**WORK INSTRUCTION:** Only an exact copy of the lines beginning at the one that contains "this 1600×1200 image." and ending at the last line of the records below counts as the answer.

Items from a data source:
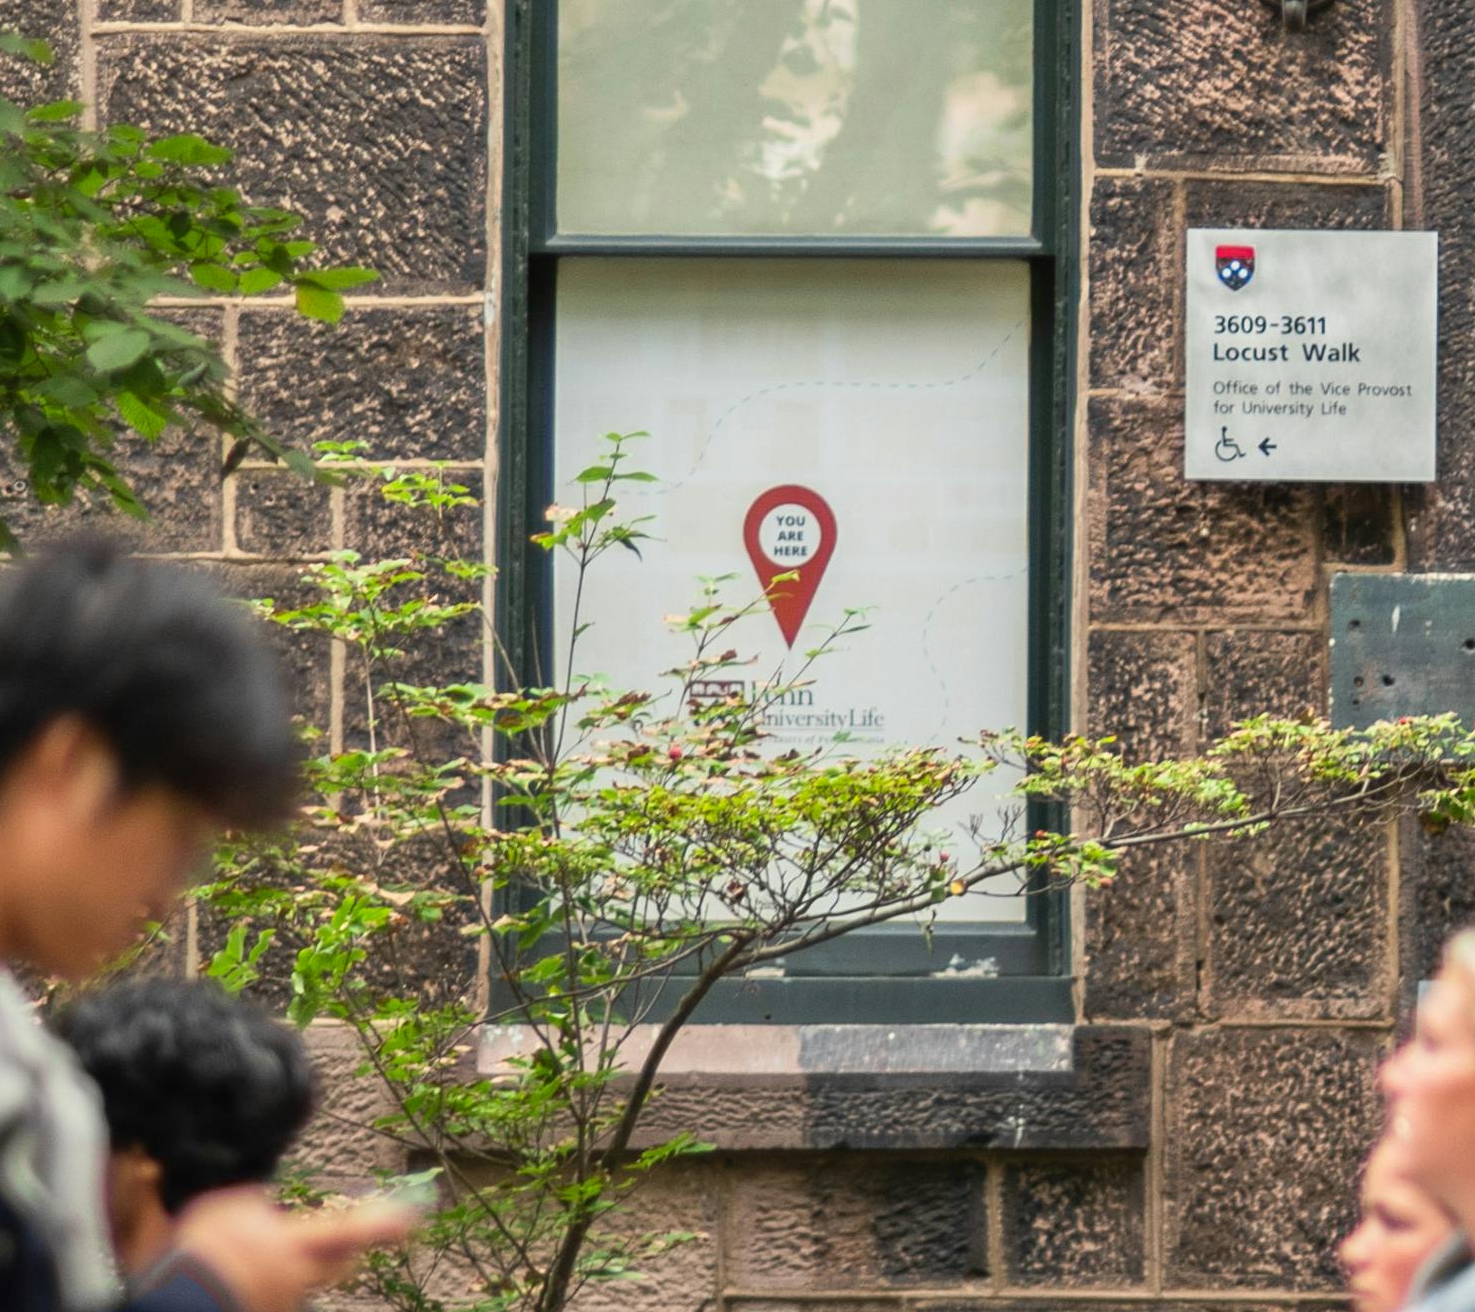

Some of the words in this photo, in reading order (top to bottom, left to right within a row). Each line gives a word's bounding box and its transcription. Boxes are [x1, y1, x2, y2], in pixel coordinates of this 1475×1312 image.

[1214, 315, 1326, 335] 3609-3611
[1213, 343, 1289, 362] Locust
[1302, 343, 1361, 363] Walk
[1213, 381, 1258, 395] Office
[1265, 382, 1281, 395] of
[1289, 382, 1313, 396] the
[1320, 382, 1351, 396] Vice
[1358, 383, 1412, 397] Provost
[1214, 401, 1234, 414] for
[1242, 402, 1313, 418] University
[1321, 402, 1347, 416] Life
[776, 515, 806, 527] YOU
[778, 530, 804, 542] ARE
[774, 545, 808, 557] HERE
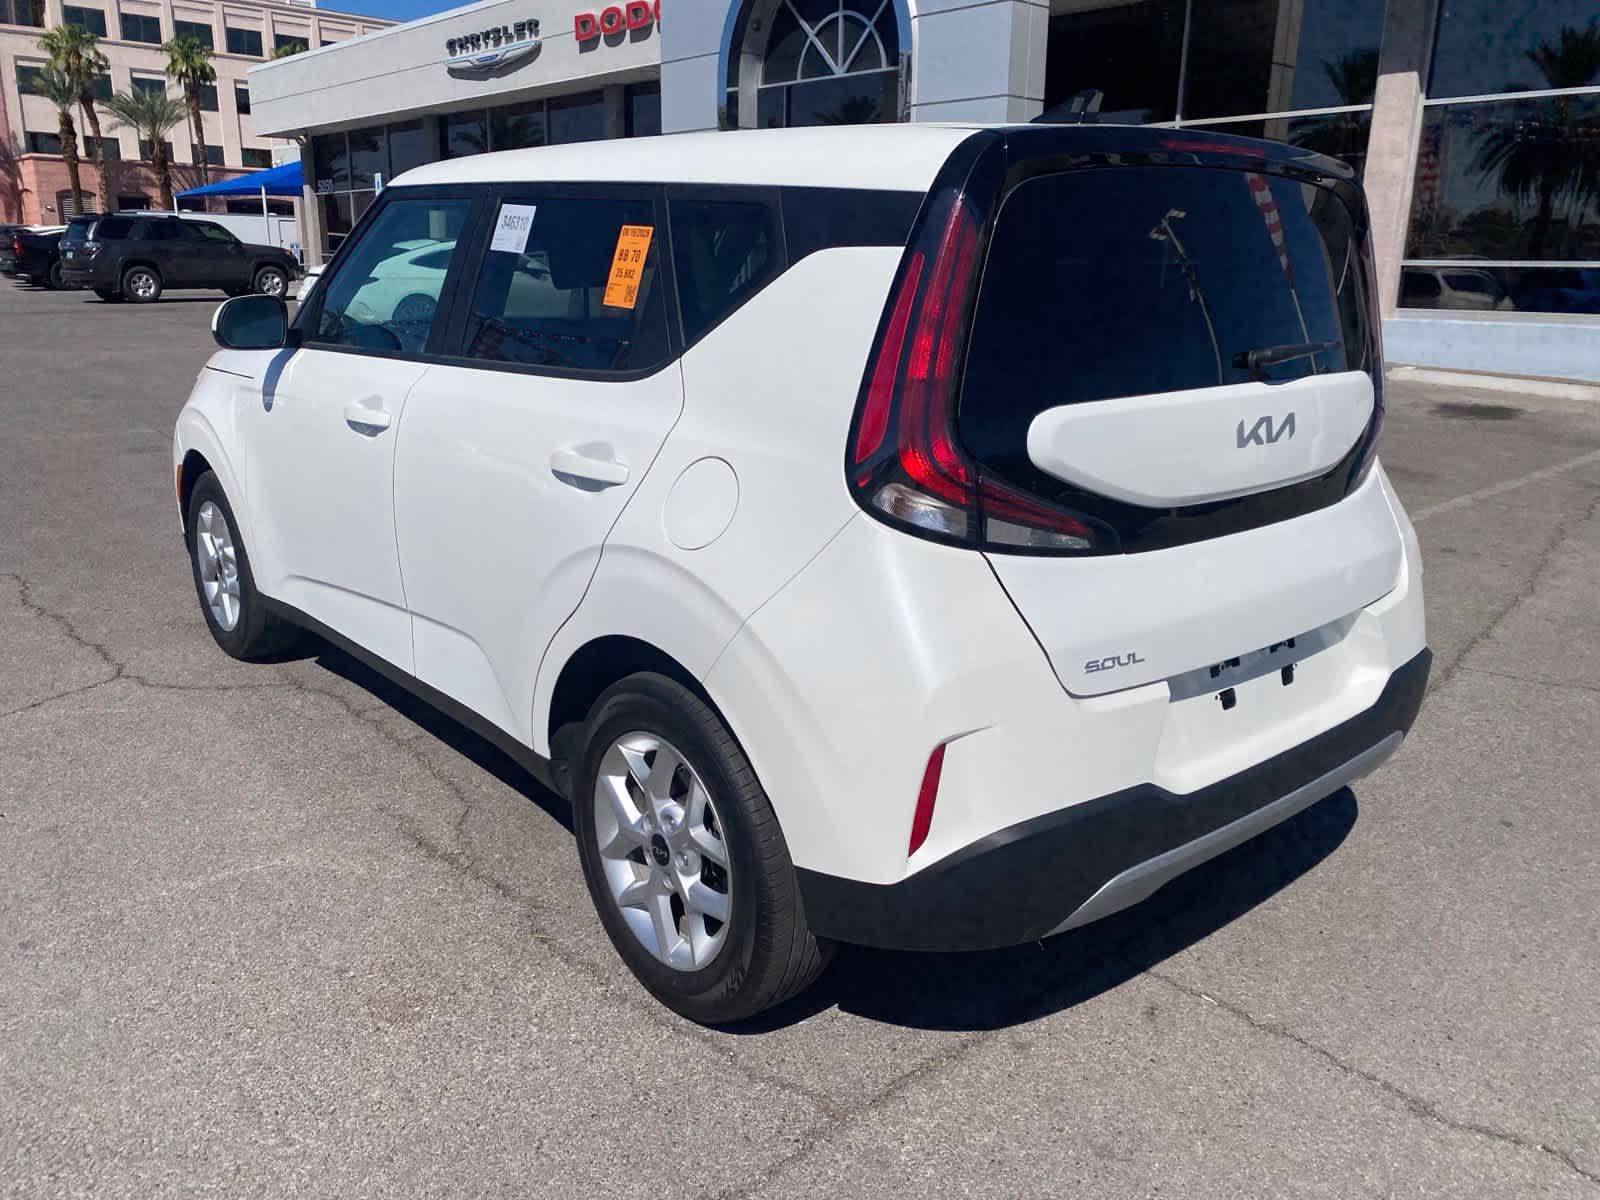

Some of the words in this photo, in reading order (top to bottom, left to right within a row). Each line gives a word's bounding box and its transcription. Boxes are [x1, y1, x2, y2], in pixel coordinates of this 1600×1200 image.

[446, 18, 540, 50] CHRYSLER
[574, 0, 661, 42] DOD
[1236, 412, 1296, 449] KIA
[1085, 652, 1145, 674] SOUL

**SOLVED EXERCISE:**
Some of the words in this photo, in reading order (top to bottom, left to right within a row). Each line gives a word's bounding box and its transcription. Boxes are [x1, y1, x2, y2], in pixel coordinates of this 1600×1200 image.

[446, 18, 540, 50] CHRYSLER
[574, 0, 661, 42] DOD
[1236, 412, 1296, 449] KIA
[1085, 652, 1145, 674] SOUL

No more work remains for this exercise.